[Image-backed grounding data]
= Beginning of Section =

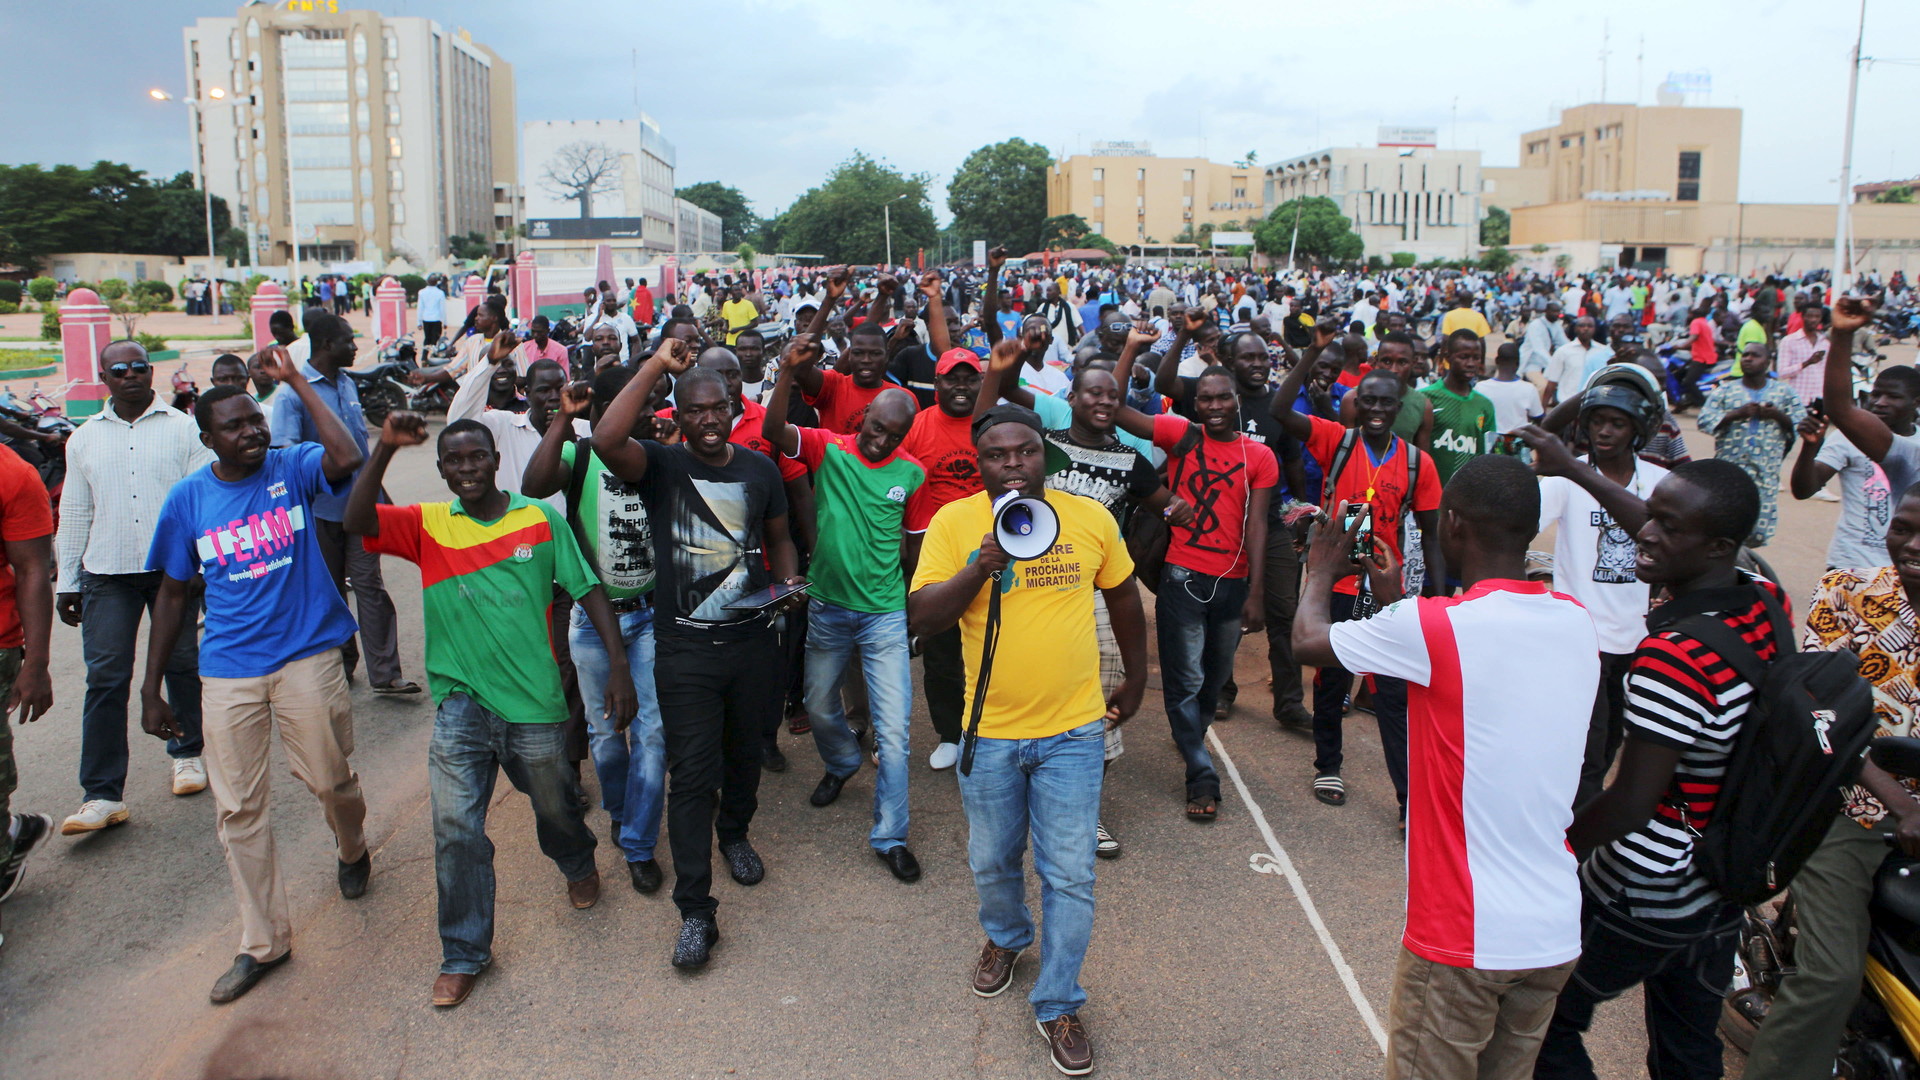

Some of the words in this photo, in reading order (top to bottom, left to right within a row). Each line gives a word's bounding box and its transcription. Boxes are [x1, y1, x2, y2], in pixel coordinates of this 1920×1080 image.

[288, 0, 338, 13] CNSS
[204, 506, 294, 566] TEAM
[1025, 562, 1080, 577] PROCHAINE
[1026, 574, 1080, 589] MIGRATION
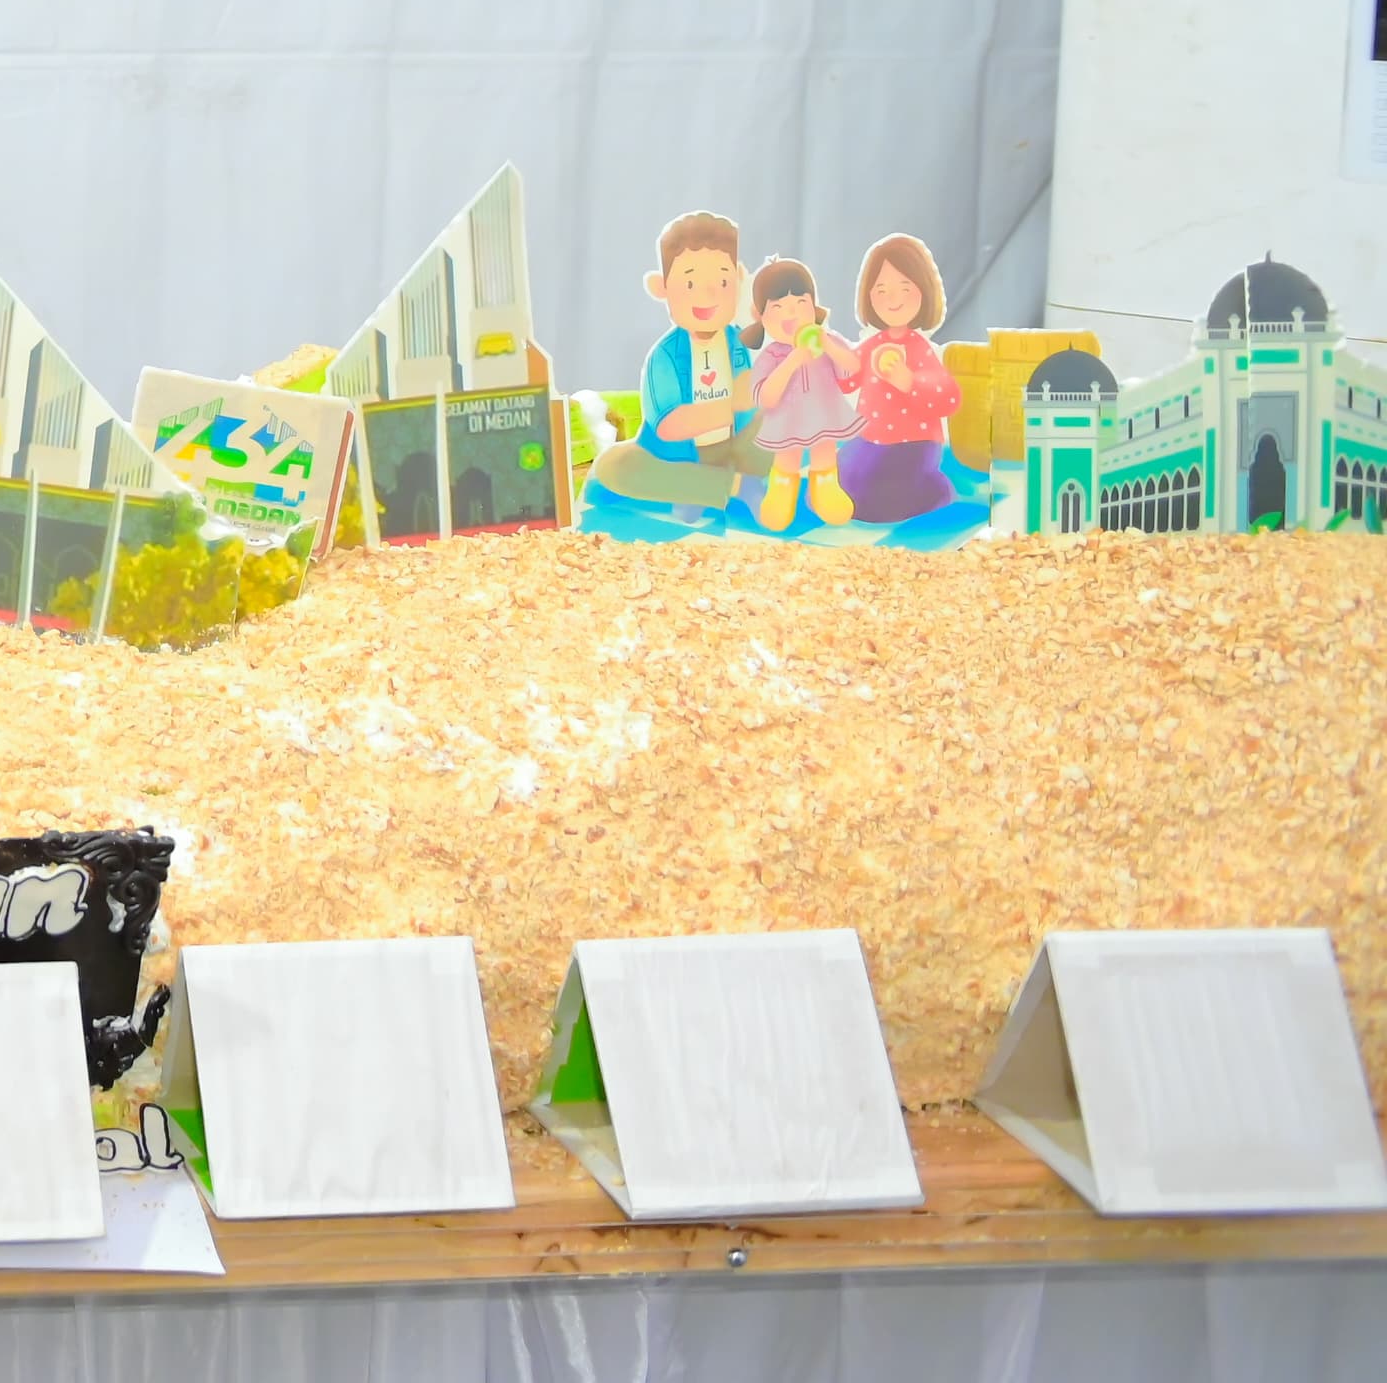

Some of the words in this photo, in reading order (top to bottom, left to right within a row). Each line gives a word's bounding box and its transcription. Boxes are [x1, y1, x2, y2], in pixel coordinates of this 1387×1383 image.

[703, 350, 711, 370] I
[694, 387, 729, 401] Medan
[446, 398, 492, 416] SELAMAT
[493, 395, 535, 411] DATANG
[469, 414, 483, 433] DI
[486, 410, 532, 431] MEDAN

= End of Section =

* _Exercise aim_
The line containing "this 1387×1383 image." and every line after it, up to and including the last line of the records, should be reproduced exactly, with nothing else.

* _Response to this exercise_
Some of the words in this photo, in reading order (top to bottom, left to right within a row). Each line gives a word's bounding box and its transcription. Boxes are [x1, y1, x2, y2], in pixel coordinates of this 1387×1383 image.

[703, 350, 711, 370] I
[694, 387, 729, 401] Medan
[446, 398, 492, 416] SELAMAT
[493, 395, 535, 411] DATANG
[469, 414, 483, 433] DI
[486, 410, 532, 431] MEDAN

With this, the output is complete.